──────── PROVIDED DATA ────────

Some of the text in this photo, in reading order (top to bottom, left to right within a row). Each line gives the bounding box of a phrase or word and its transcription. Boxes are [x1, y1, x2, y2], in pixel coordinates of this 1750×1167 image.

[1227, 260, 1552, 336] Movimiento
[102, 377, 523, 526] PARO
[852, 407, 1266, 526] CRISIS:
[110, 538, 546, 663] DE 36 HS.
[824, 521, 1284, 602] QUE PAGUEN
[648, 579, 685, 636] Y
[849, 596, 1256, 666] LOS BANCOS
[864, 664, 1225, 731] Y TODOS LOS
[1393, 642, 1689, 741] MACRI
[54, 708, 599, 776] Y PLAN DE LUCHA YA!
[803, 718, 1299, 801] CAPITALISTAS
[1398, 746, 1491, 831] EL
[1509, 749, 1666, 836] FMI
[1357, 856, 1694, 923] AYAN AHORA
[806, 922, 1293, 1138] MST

────────

WORK ITEM
Type the records out again. Match them exactly.

TASK OUTPUT
Some of the text in this photo, in reading order (top to bottom, left to right within a row). Each line gives the bounding box of a phrase or word and its transcription. Boxes are [x1, y1, x2, y2], in pixel coordinates of this 1750×1167 image.

[1227, 260, 1552, 336] Movimiento
[102, 377, 523, 526] PARO
[852, 407, 1266, 526] CRISIS:
[110, 538, 546, 663] DE 36 HS.
[824, 521, 1284, 602] QUE PAGUEN
[648, 579, 685, 636] Y
[849, 596, 1256, 666] LOS BANCOS
[864, 664, 1225, 731] Y TODOS LOS
[1393, 642, 1689, 741] MACRI
[54, 708, 599, 776] Y PLAN DE LUCHA YA!
[803, 718, 1299, 801] CAPITALISTAS
[1398, 746, 1491, 831] EL
[1509, 749, 1666, 836] FMI
[1357, 856, 1694, 923] AYAN AHORA
[806, 922, 1293, 1138] MST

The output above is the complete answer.